## Data under study
* * * *

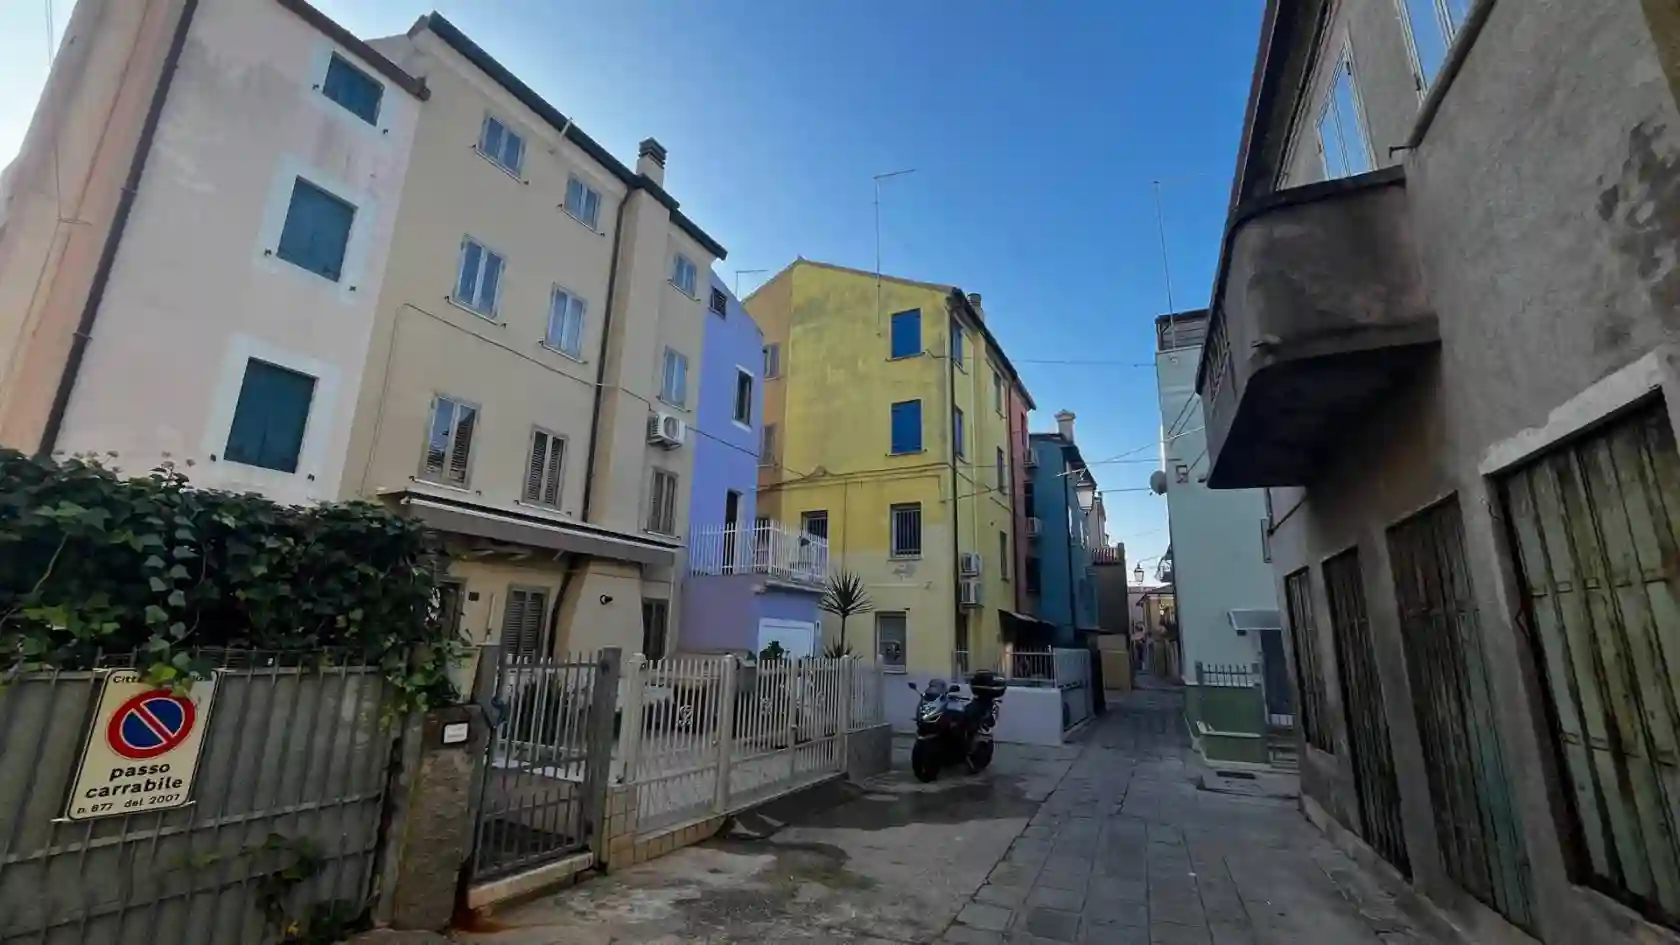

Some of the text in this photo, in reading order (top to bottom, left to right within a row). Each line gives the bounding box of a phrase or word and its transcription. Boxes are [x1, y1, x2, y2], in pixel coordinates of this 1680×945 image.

[109, 763, 170, 781] passo
[85, 776, 183, 799] carrabile
[91, 802, 114, 813] 877
[124, 799, 144, 808] del
[148, 793, 180, 805] 2007

* * * *

A verbatim copy of every entry above, with no pictures, is the expected output.

Some of the text in this photo, in reading order (top to bottom, left to right within a row). Each line gives the bounding box of a phrase or word and its transcription. Boxes are [x1, y1, x2, y2], in pixel coordinates of this 1680×945 image.

[109, 763, 170, 781] passo
[85, 776, 183, 799] carrabile
[91, 802, 114, 813] 877
[124, 799, 144, 808] del
[148, 793, 180, 805] 2007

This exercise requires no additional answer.